In March I attended a talk at Exeter University entitled ‘The Emotional Body in Health and Illness’, by Professor Gillian Bendelow, Professor of Sociology at Sussex University. Prof Bendelow worked as a ward sister in London’s East End, before becoming a psychiatric nurse and then pursuing an academic career in sociology. The subject of her doctoral research was the sociology of pain, especially that related to chronic illness. I was interested to hear about her ideas and hoped this might help me think about Lyme disease from a different perspective.
Prof Bendelow began with the biomedical model of ‘modern’, ‘western’ medicine as epitomised by 19C ‘Germ theory’ which continues to hold sway. The idea of a single cause for a particular disease and the search for a cure led to the discovery of new medicines, including antibiotics. But as people live longer, the reality of chronic disease, possibly with multiple causes and uncertain remedy has emerged. During the 20C medical specialities burgeoned and technology advanced, deconstructing the patient and locating their various diagnostic parameters within the laboratory. In the 21C, limited resources have become stretched due to increasing demand; whilst at the same time medical advances outstrip restricted health budgets.

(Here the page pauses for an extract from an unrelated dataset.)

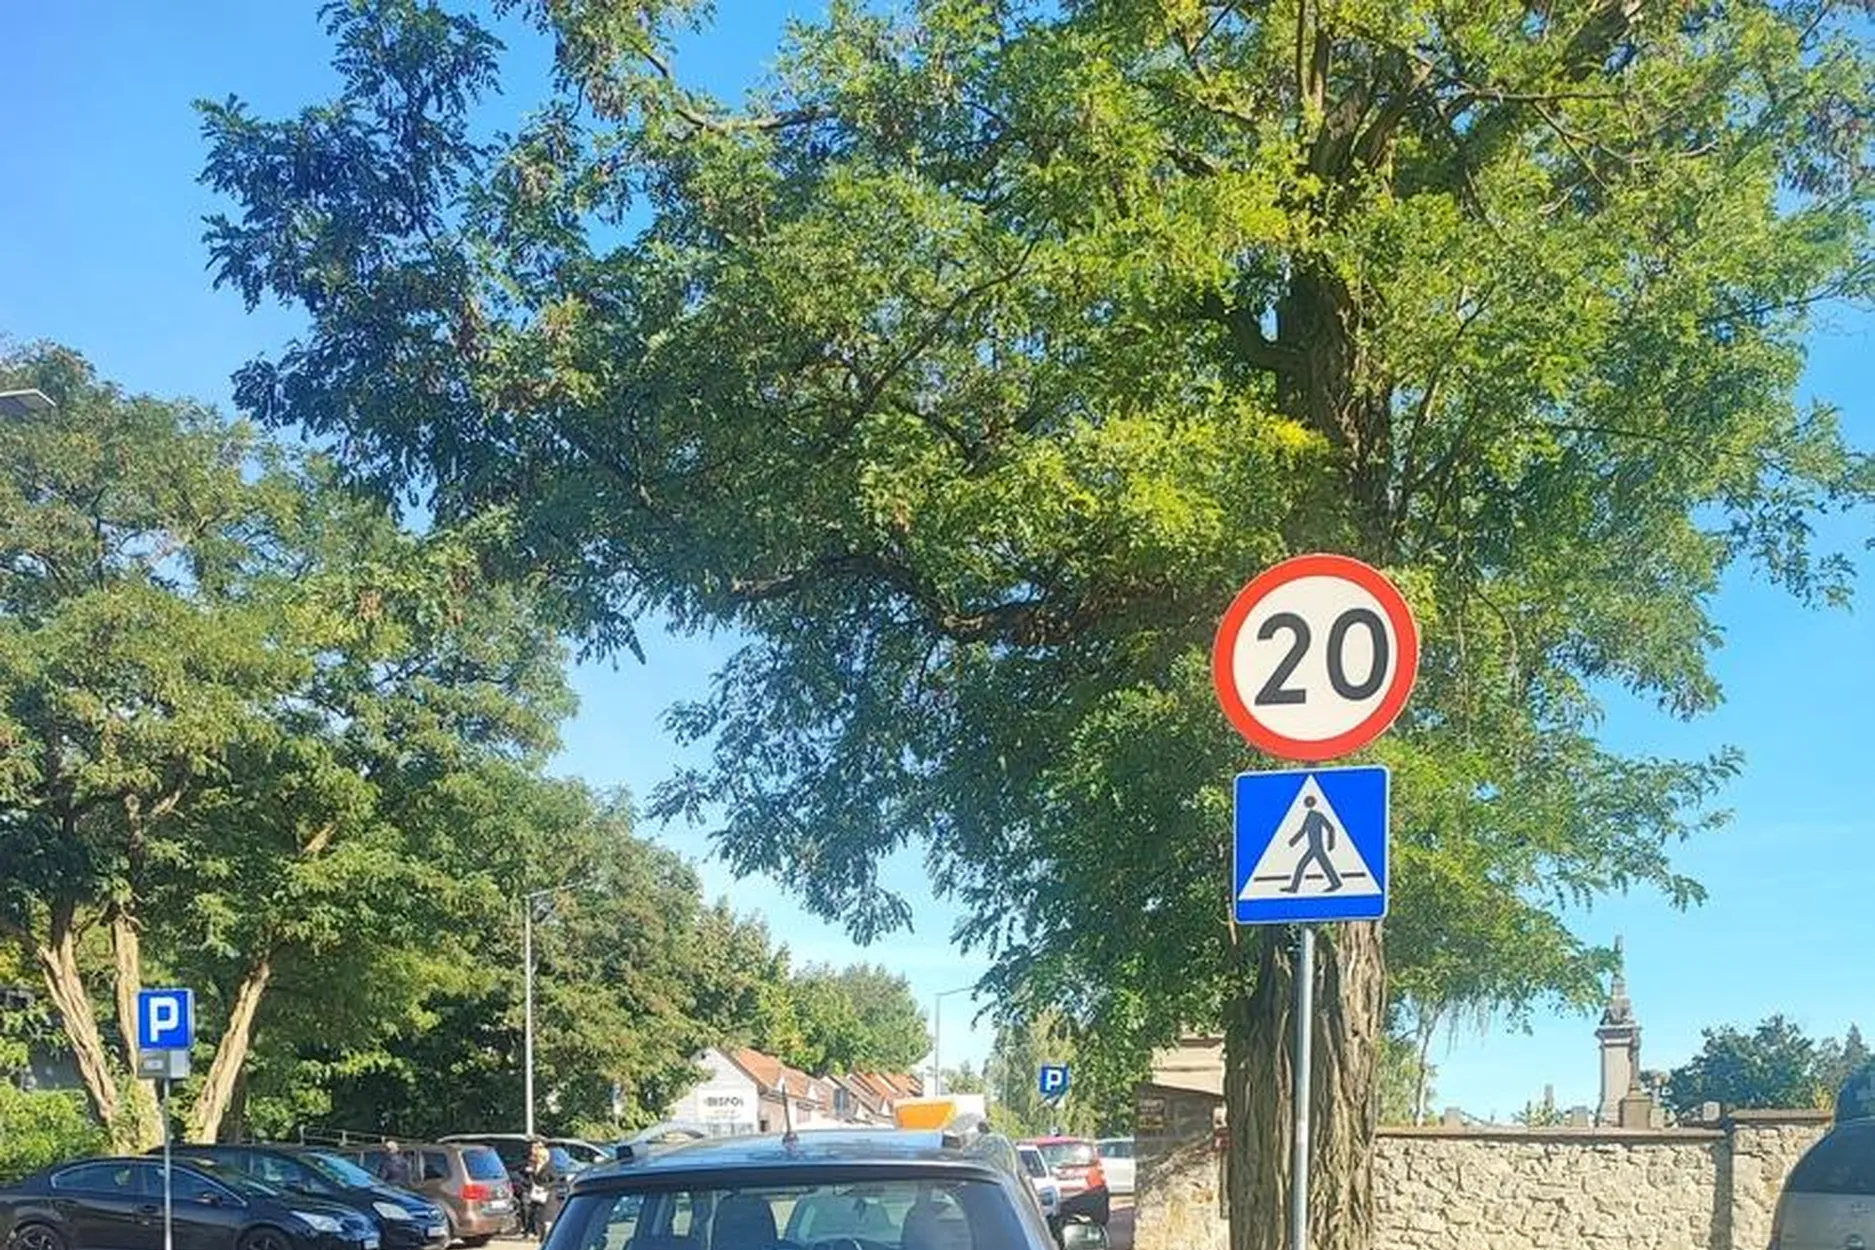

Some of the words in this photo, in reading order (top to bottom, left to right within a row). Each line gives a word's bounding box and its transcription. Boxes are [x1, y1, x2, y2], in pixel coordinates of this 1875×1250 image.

[1254, 607, 1390, 706] 20
[150, 996, 180, 1043] P
[1045, 1069, 1063, 1091] P

The need for rationing means that in the 21C, patients need to be included as key stake-holders in the debate about uncertainties, rationing and best value in healthcare.
When I stop and think about chronic Lyme disease and the known uncertainties, it seems to me that we are not just struggling with a limited evidence base and understanding; but there seems to be a huge disconnect between the values of 19C germ theory, 20C laboratory medicine and the 21C culture of patient involvement as valid stakeholders in chronic illness. Patients have their own goals and are driven by the necessity to find information and take advice from fellow sufferers. As such, a valid body of patient expertise and an appetite for quality information has evolved over time. At the same time, it feels as if the 20C ‘Fast-Forward’ button propels Lyme disease patients from sick-bed to serology test kit before the truth of their stories can be heard and taken into account. Patients who are aware of the uncertainties and do not accept being processed in this way are vilified as being unscientific or ‘antiscience’, along with those who advocate on their behalf.
Prof Bendelow concluded by saying that she hoped values based medicine would take its place alongside evidence based medicine, opening the door and actively welcoming patient engagement and shared decision making. Within this context, the emotional experience of pain and chronic illness is not only valued but meets with the compassion and empathy it deserves.